Records for processing.
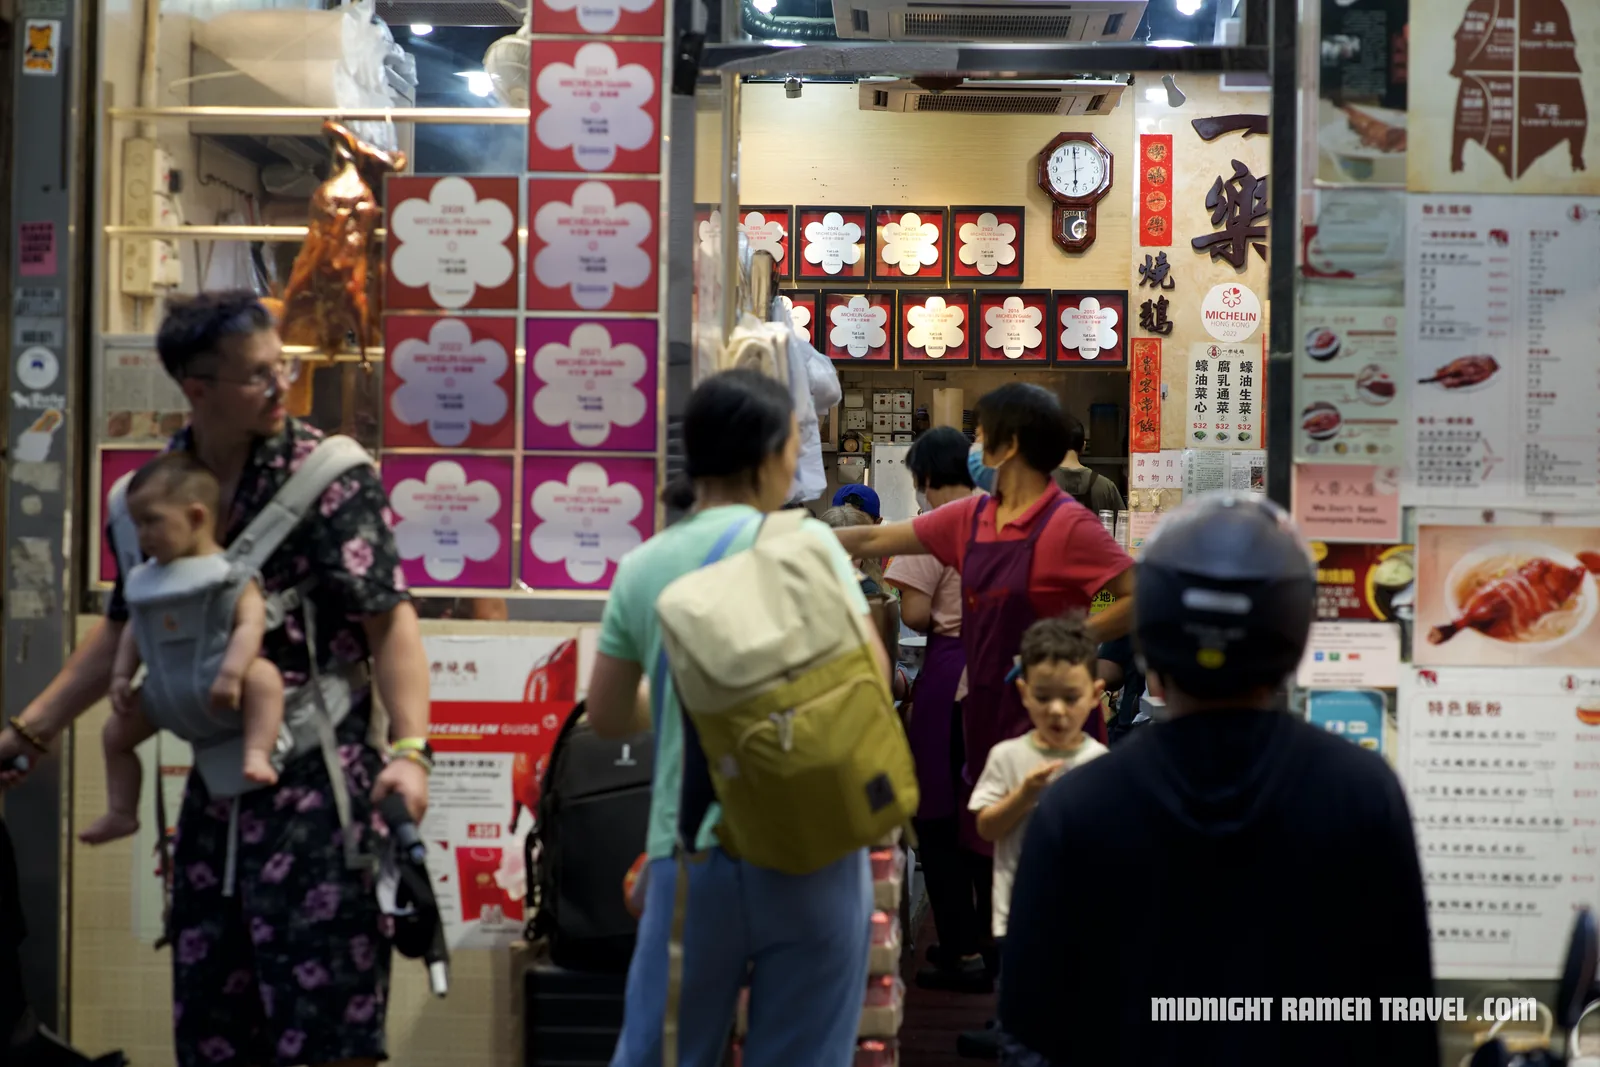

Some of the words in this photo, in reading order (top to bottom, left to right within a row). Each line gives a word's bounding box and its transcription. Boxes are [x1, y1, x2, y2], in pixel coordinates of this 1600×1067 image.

[1138, 251, 1176, 335] 燒鵝
[1205, 311, 1257, 322] MICHELIN
[1194, 359, 1209, 413] 蠔油菜心
[1216, 360, 1231, 414] 腐乳通菜
[1238, 361, 1253, 415] 蠔油生菜
[1137, 459, 1182, 468] 請勿自
[1137, 474, 1182, 482] 食物內
[500, 724, 539, 736] GUIDE

Your assignment. Print out the whole listing word for word. Leave the pictures out.

Result of this exercise.
Some of the words in this photo, in reading order (top to bottom, left to right within a row). Each line gives a word's bounding box and its transcription. Boxes are [x1, y1, x2, y2], in pixel coordinates of this 1600×1067 image.

[1138, 251, 1176, 335] 燒鵝
[1205, 311, 1257, 322] MICHELIN
[1194, 359, 1209, 413] 蠔油菜心
[1216, 360, 1231, 414] 腐乳通菜
[1238, 361, 1253, 415] 蠔油生菜
[1137, 459, 1182, 468] 請勿自
[1137, 474, 1182, 482] 食物內
[500, 724, 539, 736] GUIDE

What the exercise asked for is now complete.